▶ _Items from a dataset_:
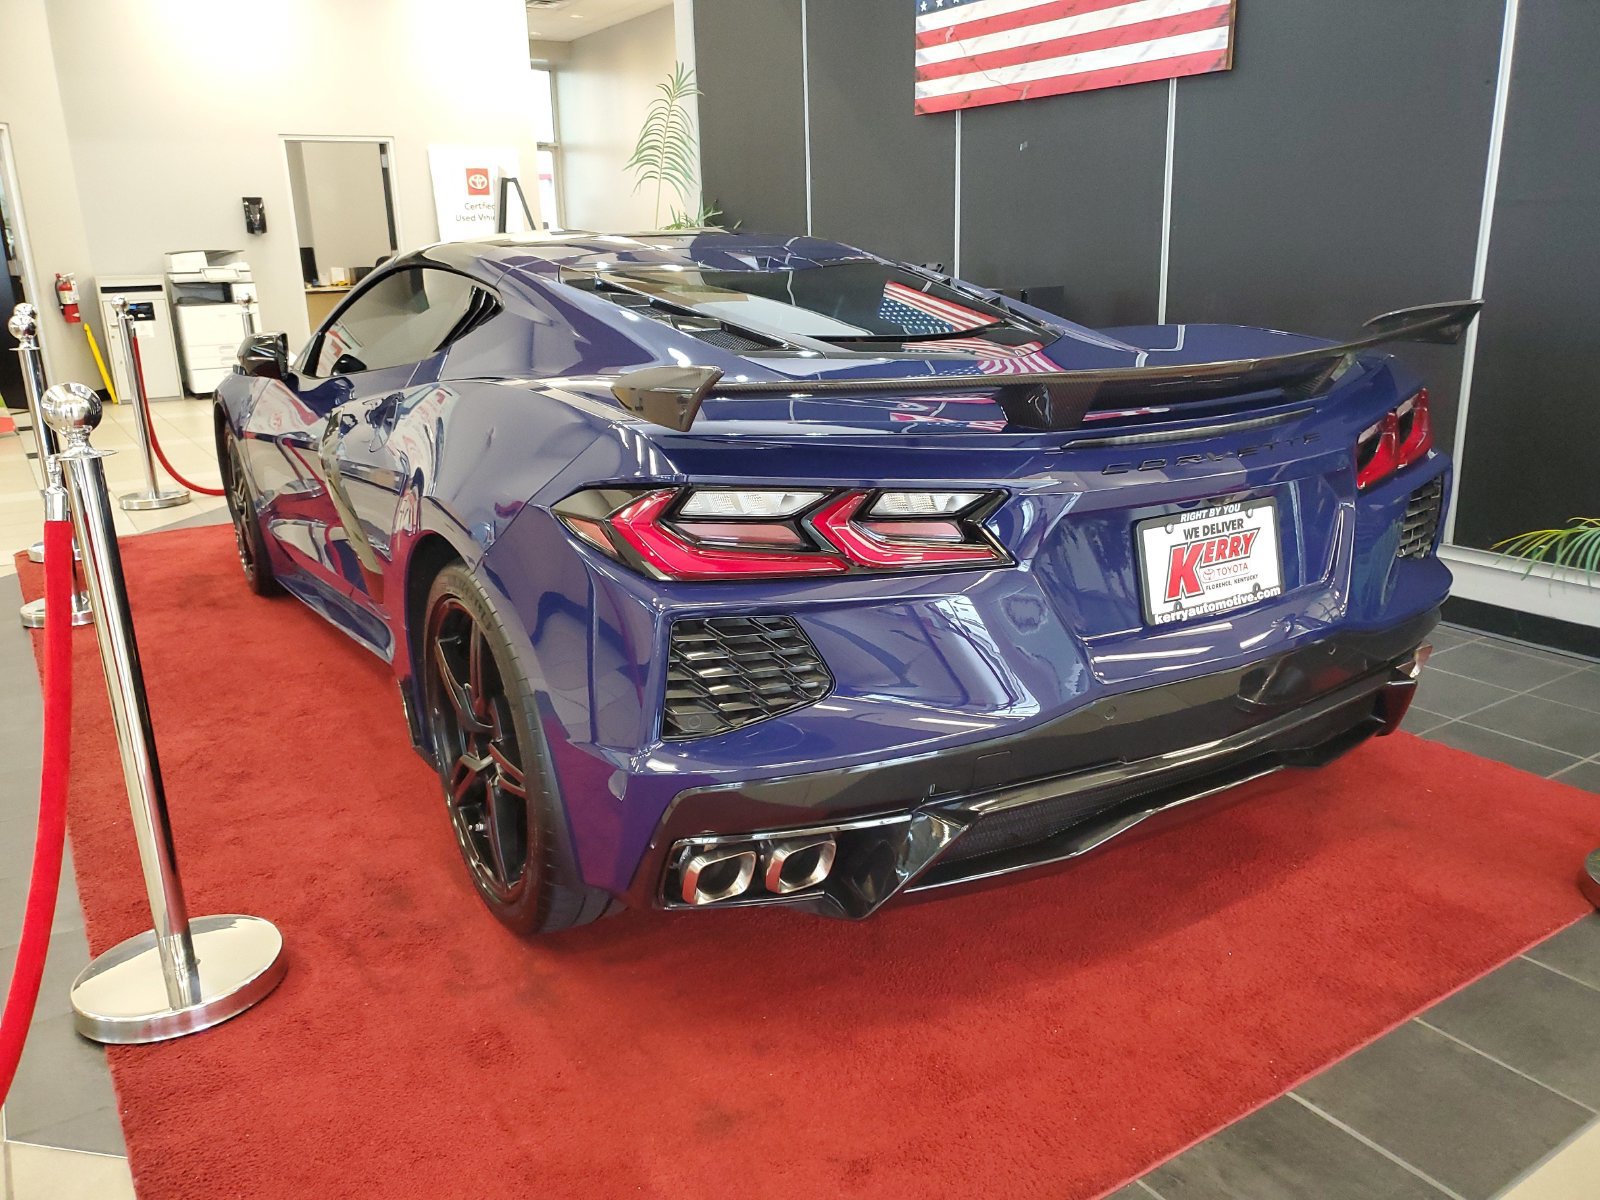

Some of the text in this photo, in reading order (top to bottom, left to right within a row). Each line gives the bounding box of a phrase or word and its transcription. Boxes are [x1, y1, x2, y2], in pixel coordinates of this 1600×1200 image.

[1102, 432, 1321, 475] CORVETTE
[1180, 503, 1241, 523] RIGHT BY YOU
[1183, 518, 1245, 540] WE DELIVER
[1165, 529, 1258, 601] KERRY
[1216, 562, 1249, 576] TOYOTA
[1233, 574, 1259, 585] KENTUCKY
[1154, 586, 1281, 625] kerryautomotive.com
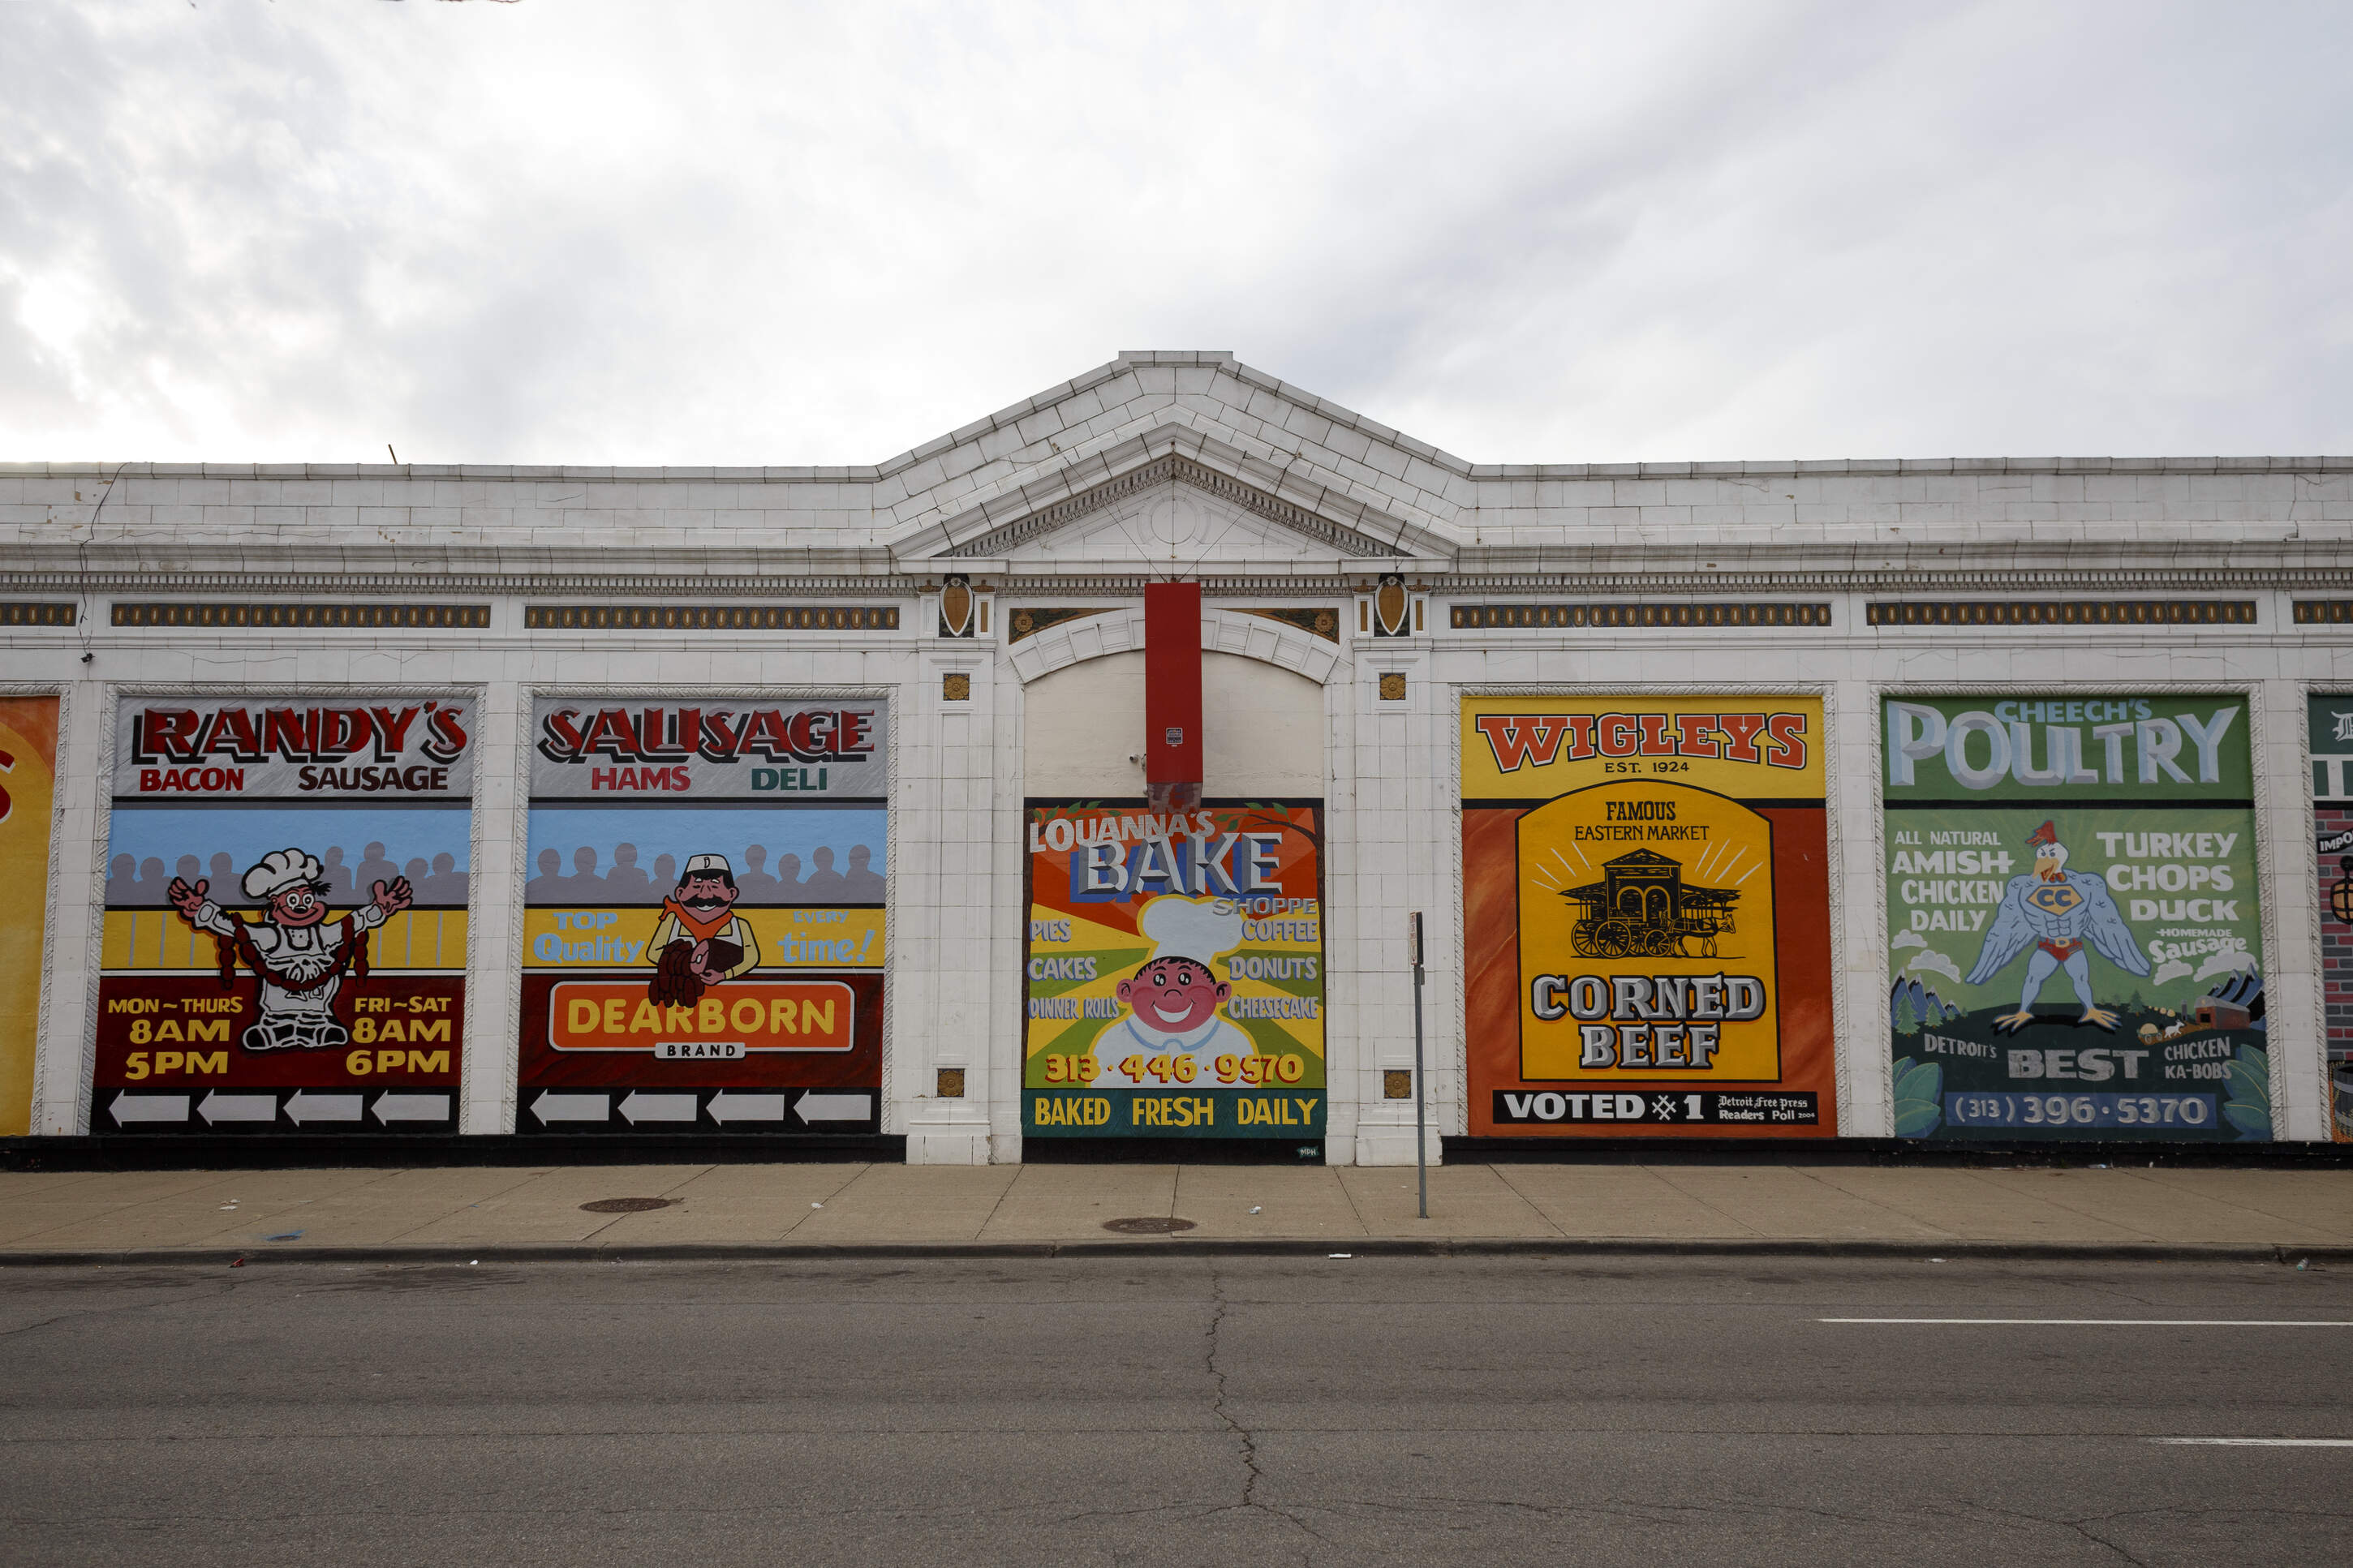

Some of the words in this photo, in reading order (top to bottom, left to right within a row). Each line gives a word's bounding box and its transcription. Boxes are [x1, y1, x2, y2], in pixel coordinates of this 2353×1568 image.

▶ _Your task_: Output, exactly, all the records above; include no pictures.

▶ _Answer_:
Some of the text in this photo, in reading order (top to bottom, left to right within a row). Each line gives the bounding box of a phrase or word and its transcription. Boxes are [x1, y1, x2, y2], in pixel coordinates of this 1600×1200 image.

[1102, 432, 1321, 475] CORVETTE
[1180, 503, 1241, 523] RIGHT BY YOU
[1183, 518, 1245, 540] WE DELIVER
[1165, 529, 1258, 601] KERRY
[1216, 562, 1249, 576] TOYOTA
[1233, 574, 1259, 585] KENTUCKY
[1154, 586, 1281, 625] kerryautomotive.com

Some of the words in this photo, in reading order (top to bottom, left to right within a row). Each line gives a word's bounding box and its transcription. Boxes are [x1, y1, x2, y2], in pixel coordinates of this 2353×1568 image.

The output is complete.